== SOURCE DATA
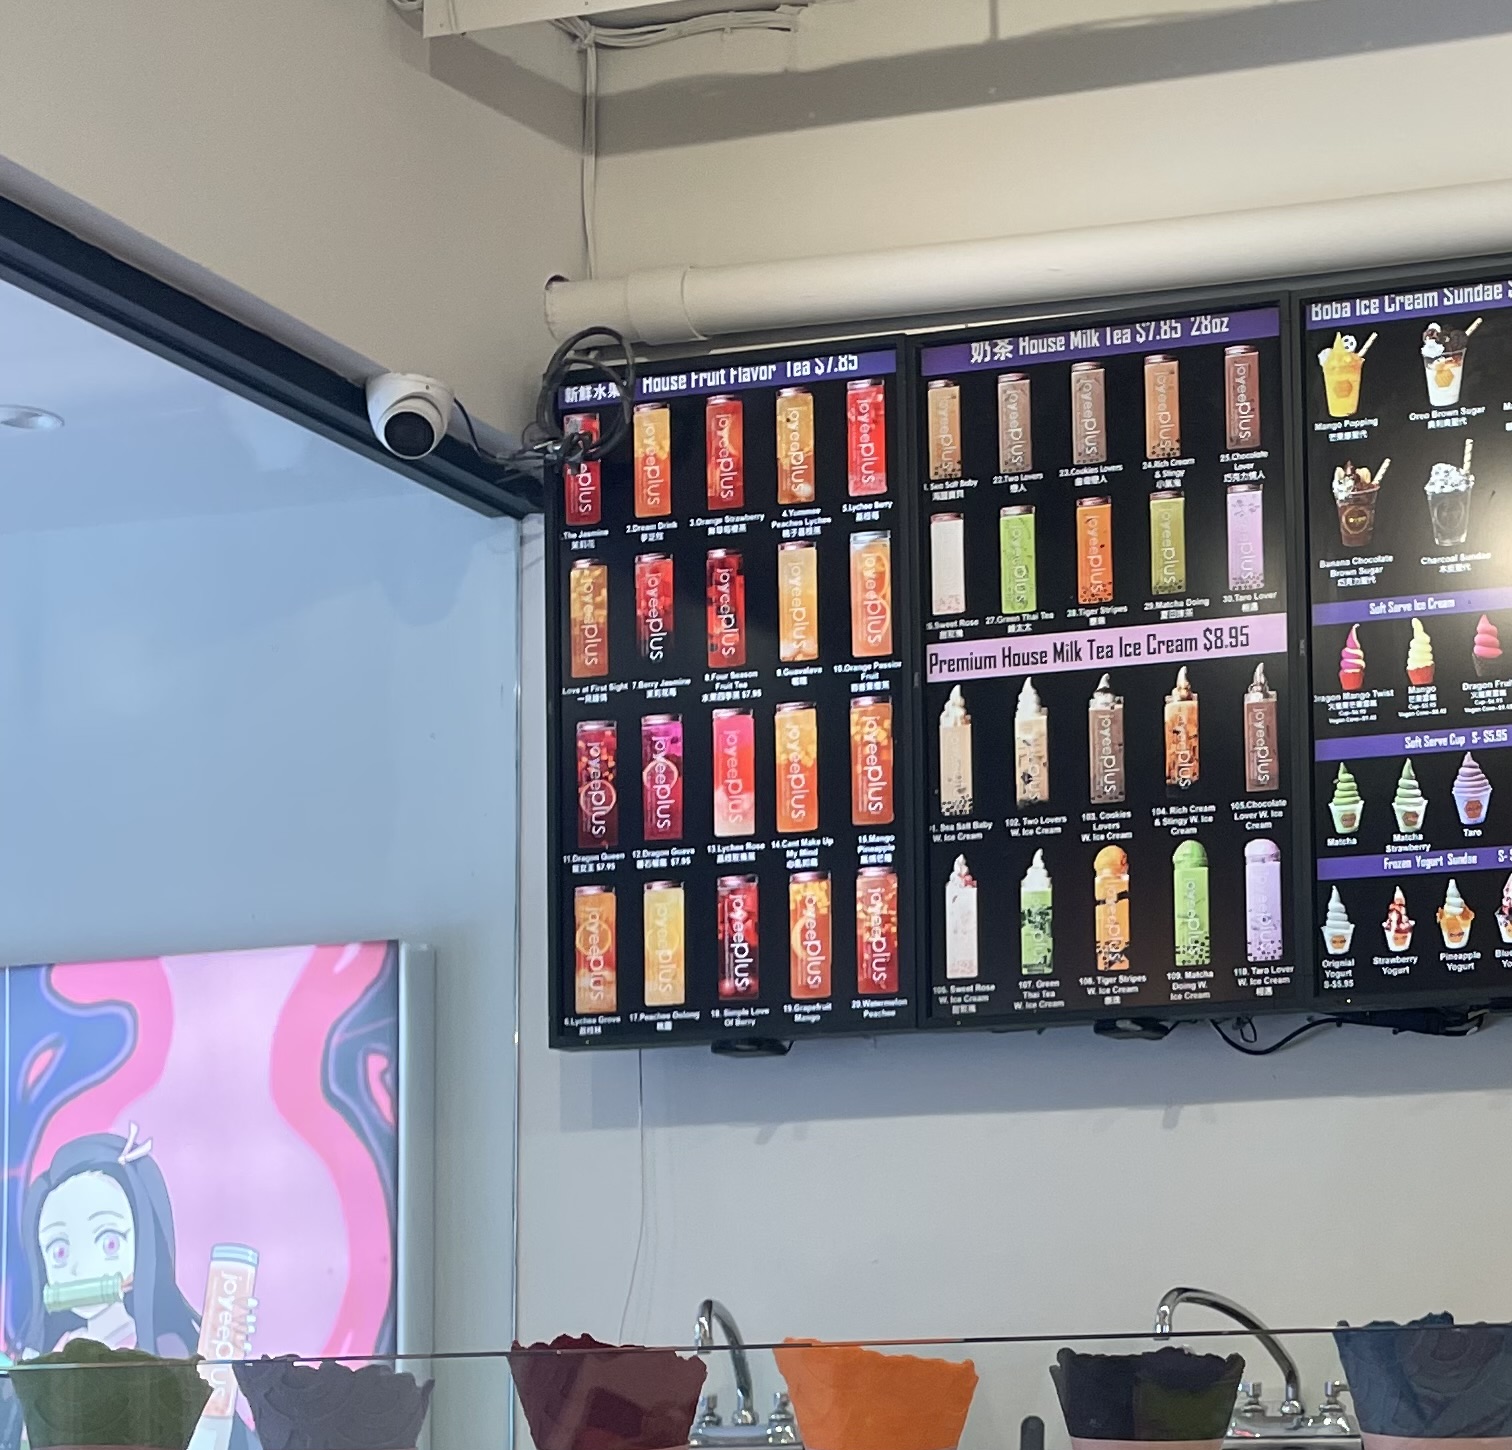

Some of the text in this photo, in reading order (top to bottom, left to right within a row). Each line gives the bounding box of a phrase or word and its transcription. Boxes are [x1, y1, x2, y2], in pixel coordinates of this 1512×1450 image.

[1356, 296, 1380, 315] Ice
[1384, 292, 1438, 312] Cream
[1444, 284, 1503, 306] Sundae
[1019, 334, 1064, 355] House
[1070, 330, 1100, 350] Milk
[1105, 325, 1132, 346] Tea
[1135, 319, 1181, 343] $7.85
[929, 625, 1250, 674] Premium House Milk Tea Ice Cream $8.95
[212, 1272, 242, 1400] joyeepus
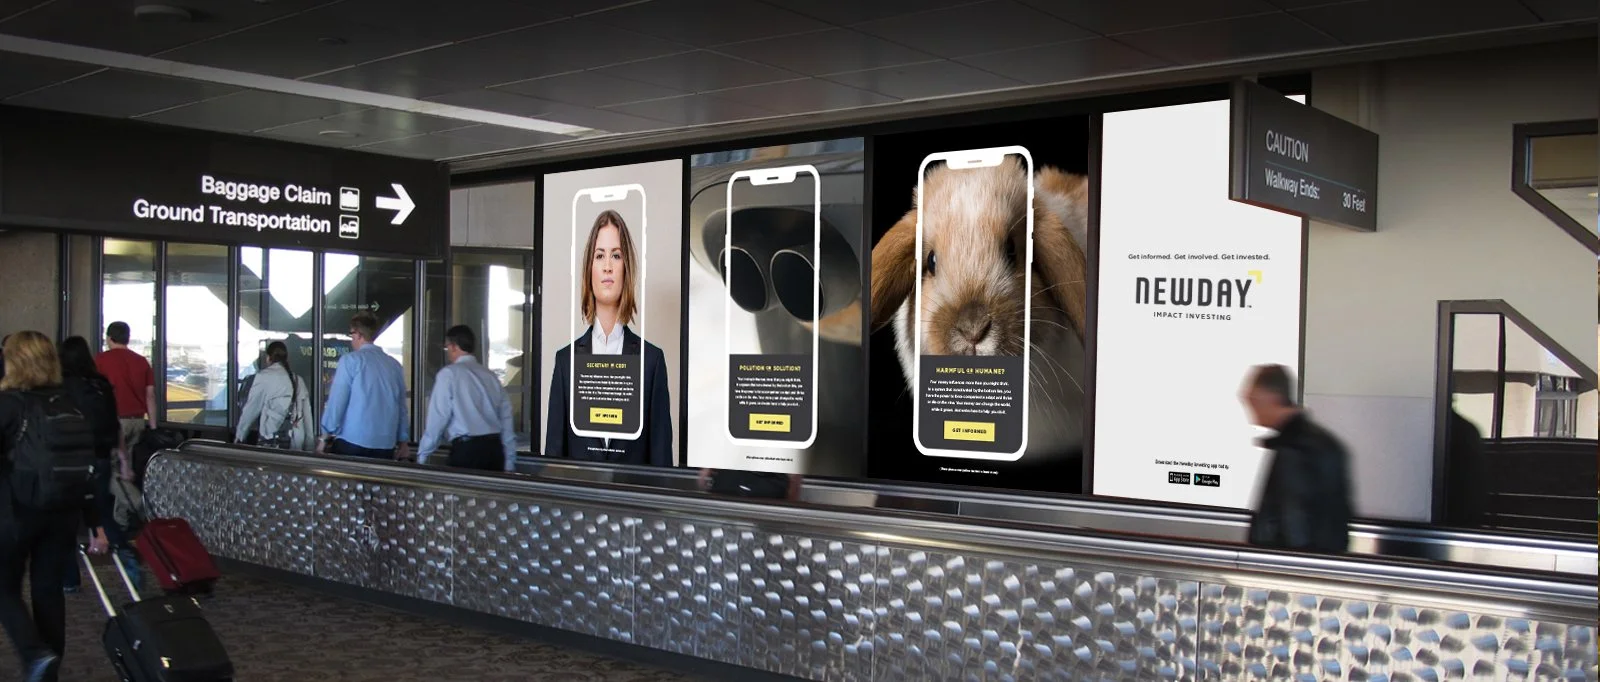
====
[AIM OF THE EXERCISE]: Where an entry contains an image, drop the image and copy everything else word for word.

[TASK OUTPUT]:
Some of the text in this photo, in reading order (top to bottom, left to right within a row). Each line gives the bounding box of a phrase or word and its transcription. Boxes are [x1, y1, x2, y2], in pixel coordinates of this 1512×1450 image.

[1356, 296, 1380, 315] Ice
[1384, 292, 1438, 312] Cream
[1444, 284, 1503, 306] Sundae
[1019, 334, 1064, 355] House
[1070, 330, 1100, 350] Milk
[1105, 325, 1132, 346] Tea
[1135, 319, 1181, 343] $7.85
[929, 625, 1250, 674] Premium House Milk Tea Ice Cream $8.95
[212, 1272, 242, 1400] joyeepus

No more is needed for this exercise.